* REQUIRED ACTION
Reproduce verbatim all of the data given below, but do not carry over the images.
*** Opening of DATA ***
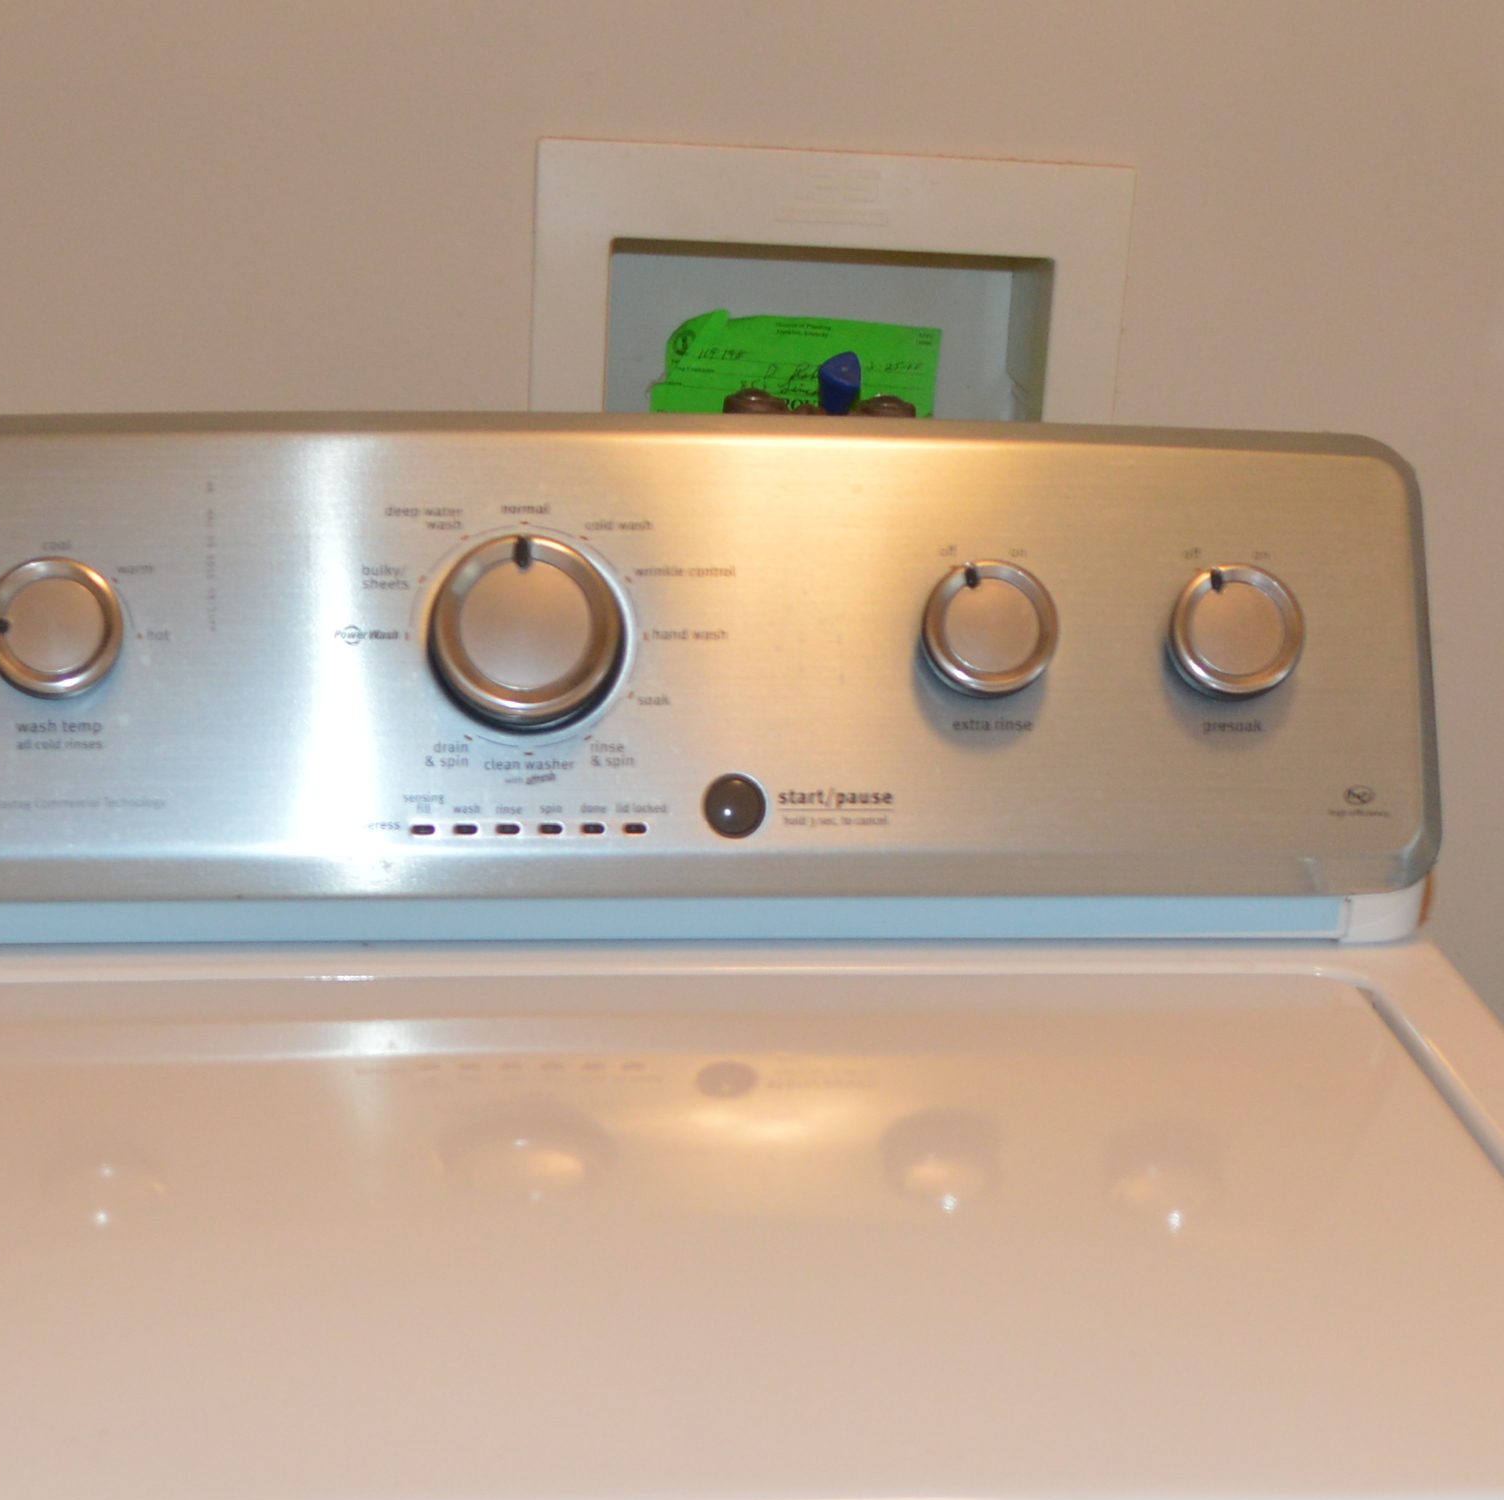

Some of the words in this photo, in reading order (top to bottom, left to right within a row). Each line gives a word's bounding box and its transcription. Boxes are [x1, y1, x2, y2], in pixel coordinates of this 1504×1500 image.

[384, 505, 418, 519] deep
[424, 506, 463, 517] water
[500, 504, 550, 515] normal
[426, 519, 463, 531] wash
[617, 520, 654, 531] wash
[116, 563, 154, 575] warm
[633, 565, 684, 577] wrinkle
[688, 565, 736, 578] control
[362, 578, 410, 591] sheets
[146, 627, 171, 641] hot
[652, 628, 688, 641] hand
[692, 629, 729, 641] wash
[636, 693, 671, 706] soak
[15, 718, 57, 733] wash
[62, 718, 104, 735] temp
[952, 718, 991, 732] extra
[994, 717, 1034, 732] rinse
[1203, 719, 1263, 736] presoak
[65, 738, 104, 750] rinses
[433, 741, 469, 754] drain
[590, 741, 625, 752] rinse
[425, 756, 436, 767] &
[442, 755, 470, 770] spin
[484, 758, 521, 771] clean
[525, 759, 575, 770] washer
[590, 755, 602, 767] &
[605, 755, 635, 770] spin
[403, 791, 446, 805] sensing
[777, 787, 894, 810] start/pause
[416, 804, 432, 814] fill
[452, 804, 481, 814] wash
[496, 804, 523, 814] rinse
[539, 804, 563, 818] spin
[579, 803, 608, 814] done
*** Close of DATA ***
* TASK SOLUTION
Some of the words in this photo, in reading order (top to bottom, left to right within a row). Each line gives a word's bounding box and its transcription. Boxes are [x1, y1, x2, y2], in pixel coordinates of this 1504×1500 image.

[384, 505, 418, 519] deep
[424, 506, 463, 517] water
[500, 504, 550, 515] normal
[426, 519, 463, 531] wash
[617, 520, 654, 531] wash
[116, 563, 154, 575] warm
[633, 565, 684, 577] wrinkle
[688, 565, 736, 578] control
[362, 578, 410, 591] sheets
[146, 627, 171, 641] hot
[652, 628, 688, 641] hand
[692, 629, 729, 641] wash
[636, 693, 671, 706] soak
[15, 718, 57, 733] wash
[62, 718, 104, 735] temp
[952, 718, 991, 732] extra
[994, 717, 1034, 732] rinse
[1203, 719, 1263, 736] presoak
[65, 738, 104, 750] rinses
[433, 741, 469, 754] drain
[590, 741, 625, 752] rinse
[425, 756, 436, 767] &
[442, 755, 470, 770] spin
[484, 758, 521, 771] clean
[525, 759, 575, 770] washer
[590, 755, 602, 767] &
[605, 755, 635, 770] spin
[403, 791, 446, 805] sensing
[777, 787, 894, 810] start/pause
[416, 804, 432, 814] fill
[452, 804, 481, 814] wash
[496, 804, 523, 814] rinse
[539, 804, 563, 818] spin
[579, 803, 608, 814] done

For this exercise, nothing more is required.